**Exercise details**
Nothing in the entries should change; repeat them exactly.

**Data extract**

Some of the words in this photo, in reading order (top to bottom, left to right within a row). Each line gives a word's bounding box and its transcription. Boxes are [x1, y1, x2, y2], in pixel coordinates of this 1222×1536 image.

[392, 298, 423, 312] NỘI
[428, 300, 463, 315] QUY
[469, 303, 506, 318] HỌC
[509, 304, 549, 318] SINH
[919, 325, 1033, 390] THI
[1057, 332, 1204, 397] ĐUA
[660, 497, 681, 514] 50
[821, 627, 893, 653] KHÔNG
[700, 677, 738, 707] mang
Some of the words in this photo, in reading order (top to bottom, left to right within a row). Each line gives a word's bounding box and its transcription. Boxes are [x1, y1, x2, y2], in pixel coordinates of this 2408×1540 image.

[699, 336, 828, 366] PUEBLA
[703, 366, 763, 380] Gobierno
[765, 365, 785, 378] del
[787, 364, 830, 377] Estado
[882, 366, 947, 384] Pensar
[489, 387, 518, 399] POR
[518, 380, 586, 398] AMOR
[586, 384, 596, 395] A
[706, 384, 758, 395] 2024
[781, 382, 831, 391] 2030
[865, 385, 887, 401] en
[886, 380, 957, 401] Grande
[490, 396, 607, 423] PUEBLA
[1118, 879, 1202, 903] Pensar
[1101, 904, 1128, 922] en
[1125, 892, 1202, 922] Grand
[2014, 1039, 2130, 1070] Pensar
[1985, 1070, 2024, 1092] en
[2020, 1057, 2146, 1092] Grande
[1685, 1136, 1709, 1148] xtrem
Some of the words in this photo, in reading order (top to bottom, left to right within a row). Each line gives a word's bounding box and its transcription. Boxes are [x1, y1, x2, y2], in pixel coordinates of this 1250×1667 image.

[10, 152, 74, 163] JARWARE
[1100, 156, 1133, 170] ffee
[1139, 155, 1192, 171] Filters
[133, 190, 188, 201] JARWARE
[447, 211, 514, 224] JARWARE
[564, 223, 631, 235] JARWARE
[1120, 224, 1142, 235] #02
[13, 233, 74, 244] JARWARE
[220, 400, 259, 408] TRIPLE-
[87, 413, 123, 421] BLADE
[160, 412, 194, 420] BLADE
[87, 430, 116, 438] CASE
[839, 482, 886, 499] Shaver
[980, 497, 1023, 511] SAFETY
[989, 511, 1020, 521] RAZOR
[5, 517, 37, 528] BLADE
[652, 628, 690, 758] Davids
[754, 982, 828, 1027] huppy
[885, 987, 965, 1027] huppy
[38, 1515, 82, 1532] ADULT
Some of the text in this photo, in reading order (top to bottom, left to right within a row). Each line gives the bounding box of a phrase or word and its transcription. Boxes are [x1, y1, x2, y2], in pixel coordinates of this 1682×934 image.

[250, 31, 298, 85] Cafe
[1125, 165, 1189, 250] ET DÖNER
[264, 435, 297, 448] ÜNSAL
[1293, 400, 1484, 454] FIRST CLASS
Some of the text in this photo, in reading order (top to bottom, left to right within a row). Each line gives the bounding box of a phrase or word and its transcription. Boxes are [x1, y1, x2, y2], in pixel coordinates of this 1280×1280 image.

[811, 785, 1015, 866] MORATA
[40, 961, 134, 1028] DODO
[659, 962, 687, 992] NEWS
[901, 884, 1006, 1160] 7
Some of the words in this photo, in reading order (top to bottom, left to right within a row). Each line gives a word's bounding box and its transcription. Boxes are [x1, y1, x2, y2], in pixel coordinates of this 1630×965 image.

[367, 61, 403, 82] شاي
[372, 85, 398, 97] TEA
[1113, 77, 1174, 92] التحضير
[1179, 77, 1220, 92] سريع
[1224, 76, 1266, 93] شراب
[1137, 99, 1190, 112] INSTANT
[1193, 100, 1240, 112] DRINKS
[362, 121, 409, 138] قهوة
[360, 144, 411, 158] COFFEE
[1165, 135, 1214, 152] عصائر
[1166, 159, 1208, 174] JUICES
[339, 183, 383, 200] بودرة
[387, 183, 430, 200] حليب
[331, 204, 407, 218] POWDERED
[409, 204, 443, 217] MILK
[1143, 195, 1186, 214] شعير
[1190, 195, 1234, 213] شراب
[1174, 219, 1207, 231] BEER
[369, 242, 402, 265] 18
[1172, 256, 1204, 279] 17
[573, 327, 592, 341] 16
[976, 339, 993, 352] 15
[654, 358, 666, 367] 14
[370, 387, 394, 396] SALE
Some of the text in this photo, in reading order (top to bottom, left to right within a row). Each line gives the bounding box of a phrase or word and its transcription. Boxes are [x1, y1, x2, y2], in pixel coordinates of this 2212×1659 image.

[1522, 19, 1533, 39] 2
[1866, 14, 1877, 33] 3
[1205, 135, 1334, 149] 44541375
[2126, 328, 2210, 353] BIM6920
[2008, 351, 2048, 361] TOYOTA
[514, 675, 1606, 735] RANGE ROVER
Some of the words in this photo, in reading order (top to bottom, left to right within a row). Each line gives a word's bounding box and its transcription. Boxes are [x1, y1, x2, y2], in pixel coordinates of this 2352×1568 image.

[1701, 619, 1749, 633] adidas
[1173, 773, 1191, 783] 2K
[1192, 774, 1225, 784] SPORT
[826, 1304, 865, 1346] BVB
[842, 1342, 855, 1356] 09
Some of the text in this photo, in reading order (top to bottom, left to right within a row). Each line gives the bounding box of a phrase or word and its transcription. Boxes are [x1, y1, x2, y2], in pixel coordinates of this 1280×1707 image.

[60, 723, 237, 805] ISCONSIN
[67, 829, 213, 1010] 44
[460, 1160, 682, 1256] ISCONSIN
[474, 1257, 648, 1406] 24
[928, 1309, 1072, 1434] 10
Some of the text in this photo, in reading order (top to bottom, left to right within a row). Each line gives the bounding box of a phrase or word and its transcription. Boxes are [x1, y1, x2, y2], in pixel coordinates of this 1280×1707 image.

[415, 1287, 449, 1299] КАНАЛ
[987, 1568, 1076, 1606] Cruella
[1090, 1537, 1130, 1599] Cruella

**Solution to this exercise**
Some of the words in this photo, in reading order (top to bottom, left to right within a row). Each line gives a word's bounding box and its transcription. Boxes are [x1, y1, x2, y2], in pixel coordinates of this 1222×1536 image.

[392, 298, 423, 312] NỘI
[428, 300, 463, 315] QUY
[469, 303, 506, 318] HỌC
[509, 304, 549, 318] SINH
[919, 325, 1033, 390] THI
[1057, 332, 1204, 397] ĐUA
[660, 497, 681, 514] 50
[821, 627, 893, 653] KHÔNG
[700, 677, 738, 707] mang
Some of the words in this photo, in reading order (top to bottom, left to right within a row). Each line gives a word's bounding box and its transcription. Boxes are [x1, y1, x2, y2], in pixel coordinates of this 2408×1540 image.

[699, 336, 828, 366] PUEBLA
[703, 366, 763, 380] Gobierno
[765, 365, 785, 378] del
[787, 364, 830, 377] Estado
[882, 366, 947, 384] Pensar
[489, 387, 518, 399] POR
[518, 380, 586, 398] AMOR
[586, 384, 596, 395] A
[706, 384, 758, 395] 2024
[781, 382, 831, 391] 2030
[865, 385, 887, 401] en
[886, 380, 957, 401] Grande
[490, 396, 607, 423] PUEBLA
[1118, 879, 1202, 903] Pensar
[1101, 904, 1128, 922] en
[1125, 892, 1202, 922] Grand
[2014, 1039, 2130, 1070] Pensar
[1985, 1070, 2024, 1092] en
[2020, 1057, 2146, 1092] Grande
[1685, 1136, 1709, 1148] xtrem
Some of the words in this photo, in reading order (top to bottom, left to right within a row). Each line gives a word's bounding box and its transcription. Boxes are [x1, y1, x2, y2], in pixel coordinates of this 1250×1667 image.

[10, 152, 74, 163] JARWARE
[1100, 156, 1133, 170] ffee
[1139, 155, 1192, 171] Filters
[133, 190, 188, 201] JARWARE
[447, 211, 514, 224] JARWARE
[564, 223, 631, 235] JARWARE
[1120, 224, 1142, 235] #02
[13, 233, 74, 244] JARWARE
[220, 400, 259, 408] TRIPLE-
[87, 413, 123, 421] BLADE
[160, 412, 194, 420] BLADE
[87, 430, 116, 438] CASE
[839, 482, 886, 499] Shaver
[980, 497, 1023, 511] SAFETY
[989, 511, 1020, 521] RAZOR
[5, 517, 37, 528] BLADE
[652, 628, 690, 758] Davids
[754, 982, 828, 1027] huppy
[885, 987, 965, 1027] huppy
[38, 1515, 82, 1532] ADULT
Some of the text in this photo, in reading order (top to bottom, left to right within a row). Each line gives the bounding box of a phrase or word and its transcription. Boxes are [x1, y1, x2, y2], in pixel coordinates of this 1682×934 image.

[250, 31, 298, 85] Cafe
[1125, 165, 1189, 250] ET DÖNER
[264, 435, 297, 448] ÜNSAL
[1293, 400, 1484, 454] FIRST CLASS
Some of the text in this photo, in reading order (top to bottom, left to right within a row). Each line gives the bounding box of a phrase or word and its transcription. Boxes are [x1, y1, x2, y2], in pixel coordinates of this 1280×1280 image.

[811, 785, 1015, 866] MORATA
[40, 961, 134, 1028] DODO
[659, 962, 687, 992] NEWS
[901, 884, 1006, 1160] 7
Some of the words in this photo, in reading order (top to bottom, left to right within a row). Each line gives a word's bounding box and its transcription. Boxes are [x1, y1, x2, y2], in pixel coordinates of this 1630×965 image.

[367, 61, 403, 82] شاي
[372, 85, 398, 97] TEA
[1113, 77, 1174, 92] التحضير
[1179, 77, 1220, 92] سريع
[1224, 76, 1266, 93] شراب
[1137, 99, 1190, 112] INSTANT
[1193, 100, 1240, 112] DRINKS
[362, 121, 409, 138] قهوة
[360, 144, 411, 158] COFFEE
[1165, 135, 1214, 152] عصائر
[1166, 159, 1208, 174] JUICES
[339, 183, 383, 200] بودرة
[387, 183, 430, 200] حليب
[331, 204, 407, 218] POWDERED
[409, 204, 443, 217] MILK
[1143, 195, 1186, 214] شعير
[1190, 195, 1234, 213] شراب
[1174, 219, 1207, 231] BEER
[369, 242, 402, 265] 18
[1172, 256, 1204, 279] 17
[573, 327, 592, 341] 16
[976, 339, 993, 352] 15
[654, 358, 666, 367] 14
[370, 387, 394, 396] SALE
Some of the text in this photo, in reading order (top to bottom, left to right within a row). Each line gives the bounding box of a phrase or word and its transcription. Boxes are [x1, y1, x2, y2], in pixel coordinates of this 2212×1659 image.

[1522, 19, 1533, 39] 2
[1866, 14, 1877, 33] 3
[1205, 135, 1334, 149] 44541375
[2126, 328, 2210, 353] BIM6920
[2008, 351, 2048, 361] TOYOTA
[514, 675, 1606, 735] RANGE ROVER
Some of the words in this photo, in reading order (top to bottom, left to right within a row). Each line gives a word's bounding box and its transcription. Boxes are [x1, y1, x2, y2], in pixel coordinates of this 2352×1568 image.

[1701, 619, 1749, 633] adidas
[1173, 773, 1191, 783] 2K
[1192, 774, 1225, 784] SPORT
[826, 1304, 865, 1346] BVB
[842, 1342, 855, 1356] 09
Some of the text in this photo, in reading order (top to bottom, left to right within a row). Each line gives the bounding box of a phrase or word and its transcription. Boxes are [x1, y1, x2, y2], in pixel coordinates of this 1280×1707 image.

[60, 723, 237, 805] ISCONSIN
[67, 829, 213, 1010] 44
[460, 1160, 682, 1256] ISCONSIN
[474, 1257, 648, 1406] 24
[928, 1309, 1072, 1434] 10
Some of the text in this photo, in reading order (top to bottom, left to right within a row). Each line gives the bounding box of a phrase or word and its transcription. Boxes are [x1, y1, x2, y2], in pixel coordinates of this 1280×1707 image.

[415, 1287, 449, 1299] КАНАЛ
[987, 1568, 1076, 1606] Cruella
[1090, 1537, 1130, 1599] Cruella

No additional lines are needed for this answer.